A short note about this spare, elegant novel.

This is another book I’ve been carrying with me for years, always in a pile to read but never quite reaching the surface. I can’t say for sure but I suspect I was given it as a gift when I lived in Montana (I left there in 1998). Like a lot of books set in Montana, Winter in the Blood evokes the the landscape that defines the place and as I read it on the train during my London commute, I was thrust back to my long drives across the state, from Browning – heart of the Blackfoot Reservation –  down through the prairie along Highway 89 toward Great Falls. James Welch avoids the trap of writing about the scenery the way a tourist might, and instead of rhapsodizing about the snow capped peaks and lush grain fields, he described the way a fly rubs its hands together and how a cow craps itself.

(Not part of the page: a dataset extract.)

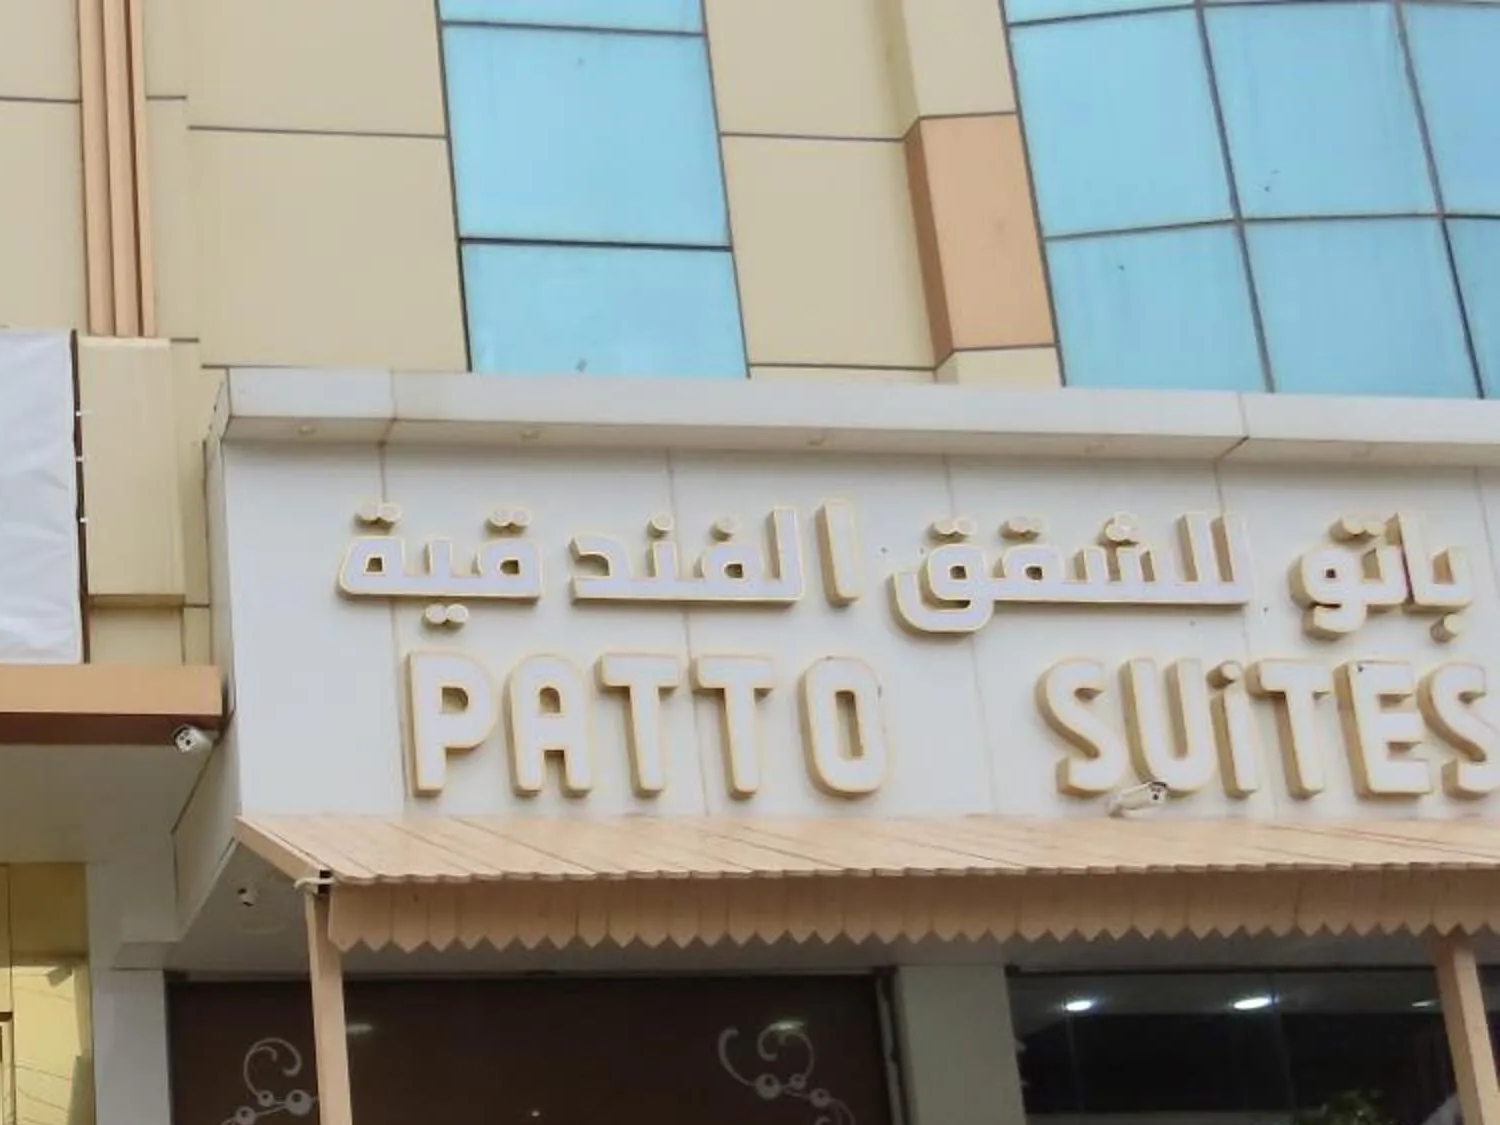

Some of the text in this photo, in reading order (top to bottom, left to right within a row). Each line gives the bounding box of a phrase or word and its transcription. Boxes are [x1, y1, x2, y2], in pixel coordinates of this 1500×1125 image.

[338, 499, 1473, 642] باتو للشقق الفندقية
[405, 650, 887, 797] PATTO

Winter in the Blood is the story of a few months in the life of an aimless, nameless narrator, an Indian man who acts and is treated younger than he is (“I’m 32,” he interjects every time someone calls him a boy). Haunted by the death of his brother years before, he drifts across the land, helping at his mother’s farm between dissolute trips into town, which begin in bars and end in bed with a series of anonymous women. Nominally in search of a former girlfriend who stole his gun and razor – perhaps a too-obvious metaphor of the emasculation of the Native American – he find more meaning in visits with an old, blind Blackfoot man who survived the harsh winter that devastated his tribe nearly a century earlier. Death lingers everywhere, claiming relatives and livestock without remorse, and nature is the only source of permanence. The farm’s animals are drawn with more character and personality than the barflies and vagabonds the hero encounters in town, and as he loses his money and possessions in surreal and drunken encounters, it’s his labor on the farm that he returns to and that offers him a connection to the land and his past.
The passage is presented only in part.